Lushuihe (露水河 (Lùshuǐhé)) is a town in Fusong County, Baishan, Jilin, China.

==Administration==
As of 2020, it administers the following six residential communities and five villages:
- Zhanxi Community (站西社区)
- Hebei Community (河北社区)
- Dongshan Community (东山社区)
- Beishan Community (北山社区)
- Hongwei Community (宏伟社区)
- Xishan Community (西山社区)
- Lizihe Village (砬子河村)
- Changsheng Village (长胜村)
- Xinxing Village (新兴村)
- Dongsheng Village (东胜村)
- Qingshuihe Village (清水河村)

== Location ==
The town is east of China National Highway 201 which is how the town is connected.

== Tourism ==
Lushuihe has an international hunting ground on the tri-point of the town's adjacent counties, Antu County and Changbai Korean Autonomous County in Yanbian Korean Autonomous Prefecture but is still part of the administrative borders. The hunting ground is part of the Lushui River National Park on Songjiang River. The hunting ground is also 60 kilometres northeast of Changbai Mountain on the North Korean Border, and covers about 25,786 hectares.

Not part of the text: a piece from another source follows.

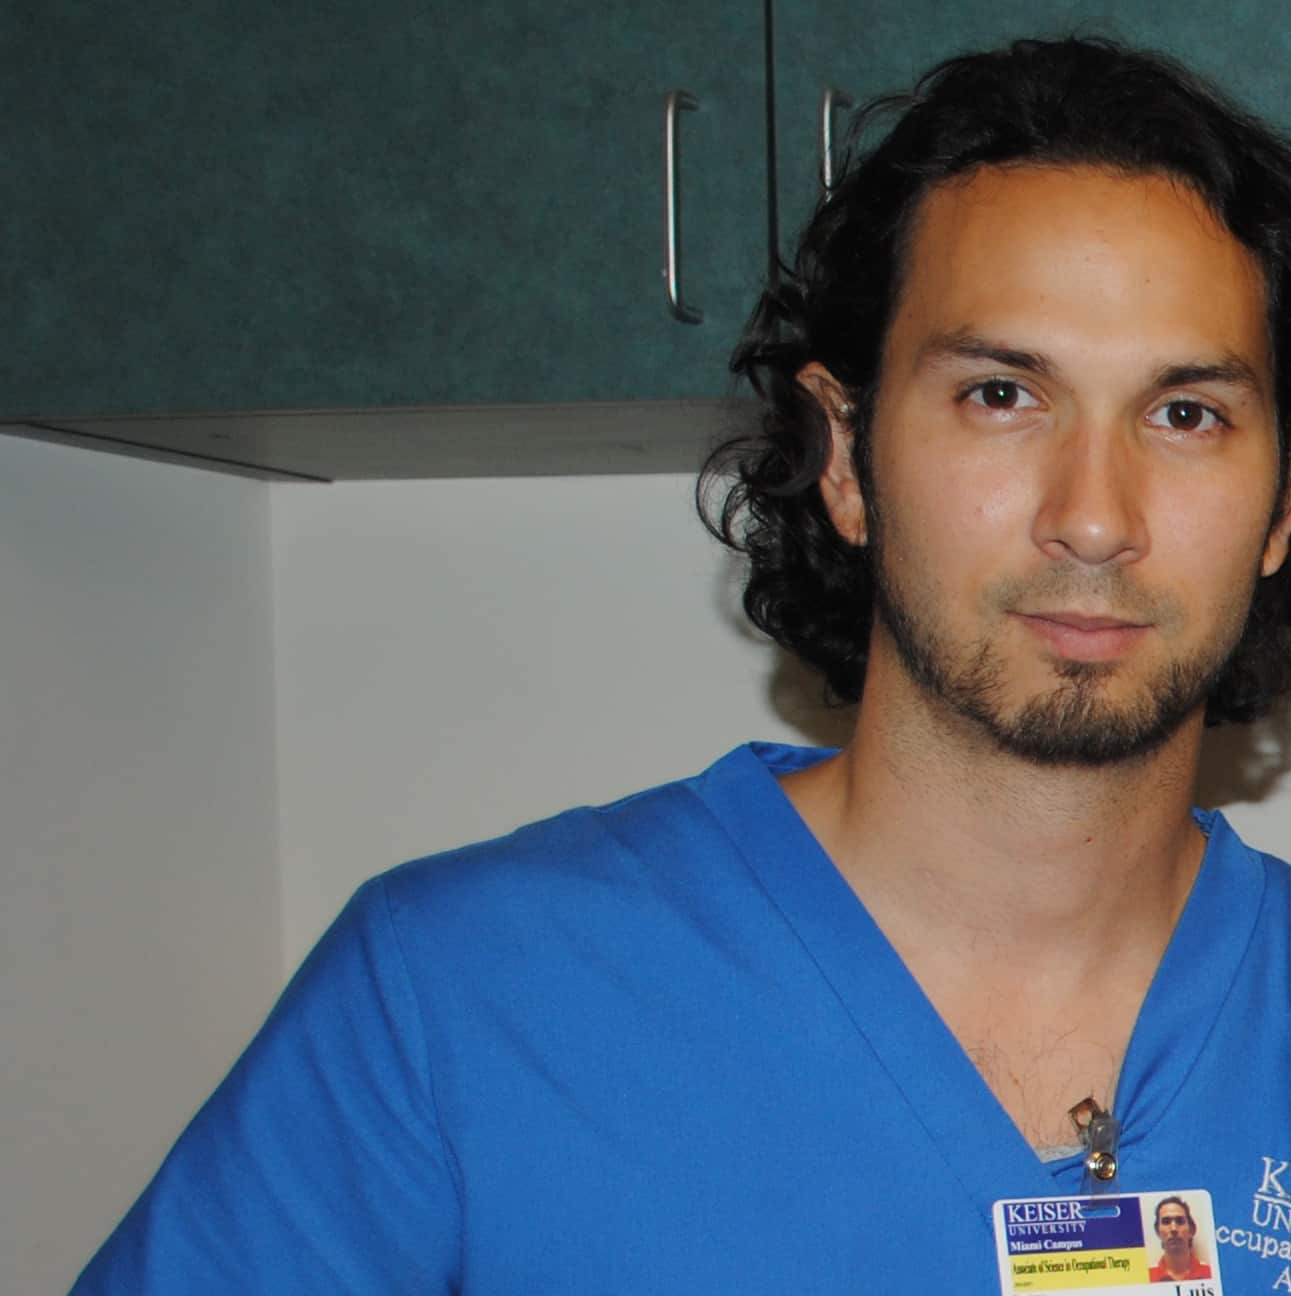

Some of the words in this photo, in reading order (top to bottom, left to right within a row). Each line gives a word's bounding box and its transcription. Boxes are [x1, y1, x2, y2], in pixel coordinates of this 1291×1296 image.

[1007, 1201, 1085, 1223] KEISER
[1008, 1221, 1087, 1236] UNIVERSITY
[1010, 1240, 1042, 1252] Miami
[1043, 1238, 1083, 1251] Campus

The hunting ground can get snow in the summertime because of seasonal lag. Average temperatures in winter can reach -25°C, when the Songjiang River will freeze but the Lushui River will not, because its water temperature is artificially kept at 7°C and the discharge is high. The hunting ground is arguably on Changbai Mountain because of its high prominence of 30 kilometres. Although the hunting ground was primitive, the hunting ground was only officially established in 1987 with the approval of the Ministry of Forestry and became open to tourism only then. More than 30,000 tourists visit the hunting ground per year.

== Industries ==
Jisen Wood Industry is a wood industry that operates sawmills and planes mills, the company's sub-industries include logging, papermaking and designing wood/paper products. The company is headquartered in Lushuihe.